For this reason, the government’s proposal should not be viewed as revolutionary. In many respects, it is Poland’s delayed attempt to adapt to standards already functioning across Europe’s major maritime economies.
Tonnage tax instead of corporate tax
The cornerstone of the proposed reform is a significant reduction in fiscal burdens imposed on shipowners. Instead of the standard corporate income tax system, shipping companies operating under the Polish flag would be able to use a tonnage tax regime similar to those already implemented across Europe.
According to the Ministry of Infrastructure, the financial difference could be dramatic. A large bulk carrier that today might generate tax liabilities measured in hundreds of thousands of zlotys would under the new system pay only a fraction of that amount annually. Government representatives argue that the planned rates for core merchant fleet vessels could become among the lowest in Europe - potentially lower than those currently offered by Malta, Cyprus or Croatia.
From an industry perspective, this logic is entirely understandable. Global shipping has operated for decades within an environment where states actively compete for ship registrations. In practice, shipowners can relocate vessels between registries relatively quickly if another jurisdiction offers more favorable operating conditions.
However, taxation alone does not build a strong maritime registry.
Successful shipping registers are built over decades through regulatory stability, administrative efficiency, international credibility and financial infrastructure supporting maritime operations. Competitive taxes may attract attention, but long-term confidence requires considerably more.
The seafarer question
Another major element of the reform package focuses on Polish seafarers themselves. The ministry argues that the current tax system discourages employment under the national flag, particularly because of the well-known "183-day rule", which determines eligibility for tax exemptions based on time spent at sea.
Under the present framework, seafarers who fail to meet the required threshold - sometimes by only a few days - may suddenly face substantially higher tax burdens than colleagues employed under foreign registries. In practice, this often pushes experienced officers and crews toward foreign employers.
The government now proposes solutions modeled on maritime systems already functioning in countries such as Malta, Cyprus and Portugal, where seafarers benefit from extensive tax relief or full exemptions from personal income tax.
Again, this is not an unusual approach in the global maritime industry. Maritime nations have long understood that shipping sovereignty without domestic crews is largely an illusion. Officers, engineers and captains cannot be recreated overnight once a country loses them.
Shipping as a strategic asset
Perhaps the strongest part of Marchewka’s argument concerns national security.
For years, shipping policy in many European states was treated primarily as an economic issue. Russia’s invasion of Ukraine and the growing instability of global trade routes have changed that perception dramatically. Maritime logistics has once again become a strategic matter.

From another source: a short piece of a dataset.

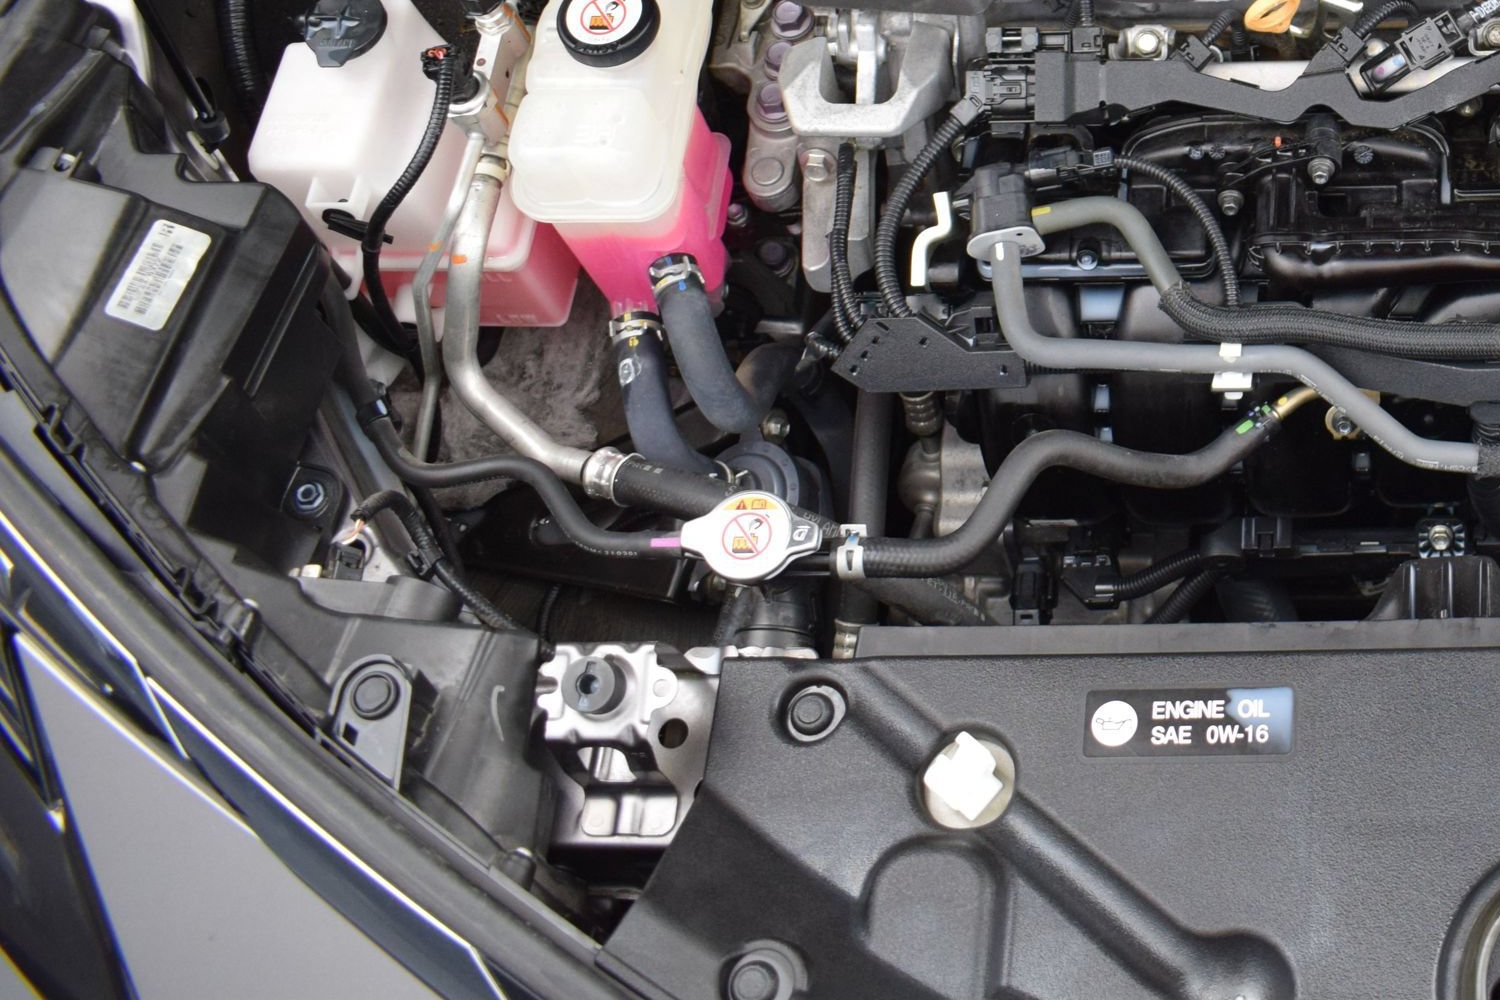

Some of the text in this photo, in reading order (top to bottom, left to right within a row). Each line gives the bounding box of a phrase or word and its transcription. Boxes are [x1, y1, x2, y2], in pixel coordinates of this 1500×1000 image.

[1151, 698, 1270, 720] ENGINE OIL
[1151, 724, 1269, 745] SAE 0W-16

The Deputy Minister pointed directly to NATO analyses indicating that civilian merchant vessels operating under national registries may become critical during military crises by supporting the transport of equipment, supplies and strategic cargo.
This argument is far from theoretical.
History repeatedly demonstrates that merchant fleets are indispensable during wartime. Modern military logistics depends not only on naval forces, but also on commercial shipping capacity. The United States, the United Kingdom and Norway all maintain systems supporting national shipping capabilities precisely because merchant fleets remain part of broader strategic resilience.
At the same time, the modern shipping industry operates through highly complex ownership and financing structures. Flag registration alone does not automatically guarantee full state control over vessels in crisis situations. Ownership models, leasing arrangements, insurance systems and international contractual obligations all influence operational availability.
Still, the strategic value of maintaining a national maritime registry is no longer seriously questioned in most major maritime economies.
More than a tax reform
Yet there is another dimension often absent from political declarations.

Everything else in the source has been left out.